However, we also soon realized that there were situations where a so-called superspreader event could occur in which one infected person could infect far greater numbers of people than the 2 or 3 that would be expected. We do know that it is the fact that SARS-CoV-2 is transmitted through aerosols, as opposed to only respiratory droplets, that enables superspreading events, but we think that it is characteristics of the infected person as opposed to the virus itself that predisposes to superspreading events.
The first time I realized that superspreading was possible with this novel virus was when I heard about an outbreak of COVID-19 following a choir practice in Mount Vernon, Washington in early March[2]. The practice lasted 2.5 hours and was attended by 61 people. With heightened awareness of the threat of this new infection, choir members had agreed not to shake hands or hug and tried to spread out in the room. Unfortunately, one of those 61 persons was symptomatic, however, chose to attend the event anyway. As a consequence, (recall as I stated above that singing will project respiratory droplets further and increase aerosol generation) 32 of the 61 attendees subsequently developed confirmed (tested + for the virus) and 20 additional attendees were considered probable (recall that testing was very limited at this point in the outbreak and generally required sending sample for testing to the CDC in Atlanta) secondary COVID-19 cases occurred. That is an astonishing attack rate of 53.3% (if you only include confirmed cases) to 86.7% (if you include all cases). Sadly. three patients were hospitalized and two of them died.

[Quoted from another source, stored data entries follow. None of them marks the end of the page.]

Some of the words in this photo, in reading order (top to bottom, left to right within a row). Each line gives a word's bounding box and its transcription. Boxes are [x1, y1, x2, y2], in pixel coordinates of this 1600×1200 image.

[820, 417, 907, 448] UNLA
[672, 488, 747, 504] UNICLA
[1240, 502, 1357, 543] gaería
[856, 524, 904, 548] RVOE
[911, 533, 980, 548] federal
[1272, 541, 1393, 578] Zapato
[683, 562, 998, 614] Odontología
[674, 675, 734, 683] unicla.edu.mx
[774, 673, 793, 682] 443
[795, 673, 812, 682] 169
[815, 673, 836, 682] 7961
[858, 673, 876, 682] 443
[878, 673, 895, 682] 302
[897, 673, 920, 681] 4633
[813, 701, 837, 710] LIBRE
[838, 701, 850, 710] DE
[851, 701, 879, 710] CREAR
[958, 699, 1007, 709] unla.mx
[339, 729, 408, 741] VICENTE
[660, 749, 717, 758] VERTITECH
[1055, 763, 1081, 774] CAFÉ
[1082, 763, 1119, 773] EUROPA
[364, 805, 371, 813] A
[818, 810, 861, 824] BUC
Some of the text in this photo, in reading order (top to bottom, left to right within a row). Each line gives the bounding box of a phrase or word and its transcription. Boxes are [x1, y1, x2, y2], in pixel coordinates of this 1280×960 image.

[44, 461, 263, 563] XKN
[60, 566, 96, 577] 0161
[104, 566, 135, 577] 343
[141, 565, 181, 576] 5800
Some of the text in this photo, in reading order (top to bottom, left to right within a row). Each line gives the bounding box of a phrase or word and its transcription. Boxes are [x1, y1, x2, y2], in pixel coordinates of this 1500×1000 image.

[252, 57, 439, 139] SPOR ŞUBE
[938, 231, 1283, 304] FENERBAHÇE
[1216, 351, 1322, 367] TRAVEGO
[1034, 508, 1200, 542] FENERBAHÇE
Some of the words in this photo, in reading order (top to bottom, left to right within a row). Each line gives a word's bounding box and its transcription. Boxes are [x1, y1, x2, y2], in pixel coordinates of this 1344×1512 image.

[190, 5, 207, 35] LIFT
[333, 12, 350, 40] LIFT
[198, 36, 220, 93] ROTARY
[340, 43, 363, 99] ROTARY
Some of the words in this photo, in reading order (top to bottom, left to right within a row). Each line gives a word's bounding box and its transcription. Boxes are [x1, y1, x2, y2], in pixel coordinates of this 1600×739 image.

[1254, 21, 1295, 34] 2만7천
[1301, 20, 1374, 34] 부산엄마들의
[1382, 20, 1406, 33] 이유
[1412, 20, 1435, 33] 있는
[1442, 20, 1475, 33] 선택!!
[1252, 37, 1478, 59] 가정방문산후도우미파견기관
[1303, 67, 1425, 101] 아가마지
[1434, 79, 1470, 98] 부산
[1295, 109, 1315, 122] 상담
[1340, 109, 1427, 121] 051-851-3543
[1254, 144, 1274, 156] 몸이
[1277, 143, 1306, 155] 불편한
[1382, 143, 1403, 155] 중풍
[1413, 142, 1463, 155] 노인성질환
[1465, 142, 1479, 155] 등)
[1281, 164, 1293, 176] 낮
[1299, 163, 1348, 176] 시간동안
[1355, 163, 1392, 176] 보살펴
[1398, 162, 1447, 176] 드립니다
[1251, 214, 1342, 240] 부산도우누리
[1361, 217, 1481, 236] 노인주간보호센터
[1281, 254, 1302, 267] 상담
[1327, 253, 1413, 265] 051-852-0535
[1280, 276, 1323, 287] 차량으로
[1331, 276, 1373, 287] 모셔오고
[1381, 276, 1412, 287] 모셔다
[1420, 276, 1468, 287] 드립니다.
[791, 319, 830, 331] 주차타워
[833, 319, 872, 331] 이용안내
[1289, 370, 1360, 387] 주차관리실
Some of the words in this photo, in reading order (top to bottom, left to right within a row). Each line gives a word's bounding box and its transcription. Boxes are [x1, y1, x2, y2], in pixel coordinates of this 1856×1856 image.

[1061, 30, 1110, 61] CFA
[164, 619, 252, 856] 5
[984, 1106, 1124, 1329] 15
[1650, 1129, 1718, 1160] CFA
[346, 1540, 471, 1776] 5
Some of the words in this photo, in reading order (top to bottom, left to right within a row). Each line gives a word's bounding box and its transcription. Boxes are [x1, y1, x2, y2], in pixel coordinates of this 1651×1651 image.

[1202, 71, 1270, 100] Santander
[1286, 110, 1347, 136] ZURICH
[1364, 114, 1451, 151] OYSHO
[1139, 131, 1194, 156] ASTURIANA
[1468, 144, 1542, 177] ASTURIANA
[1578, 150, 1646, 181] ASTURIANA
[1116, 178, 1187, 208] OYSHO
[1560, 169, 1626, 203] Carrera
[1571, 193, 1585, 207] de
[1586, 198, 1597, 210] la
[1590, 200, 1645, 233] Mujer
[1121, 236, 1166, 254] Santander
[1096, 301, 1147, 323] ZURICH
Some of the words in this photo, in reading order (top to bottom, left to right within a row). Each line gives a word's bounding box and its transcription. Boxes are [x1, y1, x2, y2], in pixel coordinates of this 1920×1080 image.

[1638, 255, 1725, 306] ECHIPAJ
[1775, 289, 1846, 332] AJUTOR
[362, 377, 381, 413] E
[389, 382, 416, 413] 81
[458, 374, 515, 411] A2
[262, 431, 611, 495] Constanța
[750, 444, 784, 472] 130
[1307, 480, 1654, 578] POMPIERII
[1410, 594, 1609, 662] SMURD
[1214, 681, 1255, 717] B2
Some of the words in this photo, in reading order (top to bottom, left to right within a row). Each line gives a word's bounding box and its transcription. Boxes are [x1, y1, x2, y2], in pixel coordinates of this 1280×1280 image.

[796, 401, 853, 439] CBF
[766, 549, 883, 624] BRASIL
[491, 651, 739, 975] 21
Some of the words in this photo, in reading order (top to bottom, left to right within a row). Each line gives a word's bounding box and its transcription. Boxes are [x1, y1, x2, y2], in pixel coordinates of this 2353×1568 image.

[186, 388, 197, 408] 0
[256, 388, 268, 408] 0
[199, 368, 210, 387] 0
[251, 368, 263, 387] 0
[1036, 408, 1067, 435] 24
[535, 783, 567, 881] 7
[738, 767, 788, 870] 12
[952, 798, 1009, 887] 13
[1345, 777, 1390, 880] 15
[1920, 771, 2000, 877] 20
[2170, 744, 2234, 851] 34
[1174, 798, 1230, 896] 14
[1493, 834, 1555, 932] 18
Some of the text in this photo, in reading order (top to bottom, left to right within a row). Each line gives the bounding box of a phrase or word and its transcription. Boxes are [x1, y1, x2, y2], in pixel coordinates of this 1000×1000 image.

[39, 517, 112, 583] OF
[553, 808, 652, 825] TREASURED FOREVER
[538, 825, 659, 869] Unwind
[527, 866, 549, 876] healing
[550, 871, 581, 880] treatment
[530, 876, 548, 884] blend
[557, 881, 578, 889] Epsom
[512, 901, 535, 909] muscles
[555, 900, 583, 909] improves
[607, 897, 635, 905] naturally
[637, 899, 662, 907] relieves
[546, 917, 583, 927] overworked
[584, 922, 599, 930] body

So, how could one sick person infect 52 people as opposed to the average of 2-3? No doubt the fact that they were in the same room for so long (2.5 hours), with presumably everyone sharing the same air from a common ventilation system and engaged in an event (singing) contributed, but the very high attack rate (percentage of those exposed who actually became ill) remained striking to me. A study published the following year may suggest the answer or part of the answer[3]. The investigators studied exhaled aerosols and noted that some individuals have a propensity to exhale many more aerosols (three orders of magnitude) than is average. An increase in number of aerosols would also mean more virus introduced into airstreams. As I previously mentioned, the virus is accompanied in droplets and aerosols by secretions including mucus. These investigators showed that the resistance of the mucus to breaking-up (which would in turn impair the viability of the virus as the mucus protects the virus from the temperature, humidity and UV light in the room) varies significantly among individuals and was more resistant with advancing degrees of infection and higher BMI-years (the product of multiplying body mass index by age in years). In other words, by the time someone is symptomatic from COVID-19 and the amount of virus in their nose, throat and lungs may be peaking, they can transmit more virus in their respiratory droplets and aerosols. Further, the combination of increase in age and BMI may result in greater resistance to breakdown of the mucus in which the virus is carried, which in turn may keep the virus viable for a longer period of time increasing the risk of infection of others who are exposed for a longer period of time.
- Incubation period
The incubation period is the interval between being exposed and infected until the development of symptomatic illness. The average incubation period in adults is 4 – 5 days (range 2 – 14 days), and 97.5% of people with symptomatic infection develop symptoms within 11.5 days. Most of this data is fairly dated, and I am not aware of more recent data with more recent variants in the setting of more extensive partial immunity related to prior infection and vaccination to know whether there has been any change to these numbers. I suspect that there is now a bit more variability in the data that might be influenced by your infection and vaccination history. Also, recall that early on in the pandemic, data suggested that around 40% of infections might be asymptomatic. I have not seen more recent data to know if that number has changed. Studies early on in the pandemic revealed that asymptomatic persons were no less likely to infect others, and in fact might pose more risk because they would not self-isolate as some of those who were symptomatic might. Furthermore, some people categorized as having asymptomatic infections might really have been pauci-symptomatic (meaning few and usually milder symptoms) rather than asymptomatic, as it was common for people with very mild COVID to ascribe their symptoms to a cold or allergies or simply overdoing things at work, especially when they were less likely to seek testing or test themselves.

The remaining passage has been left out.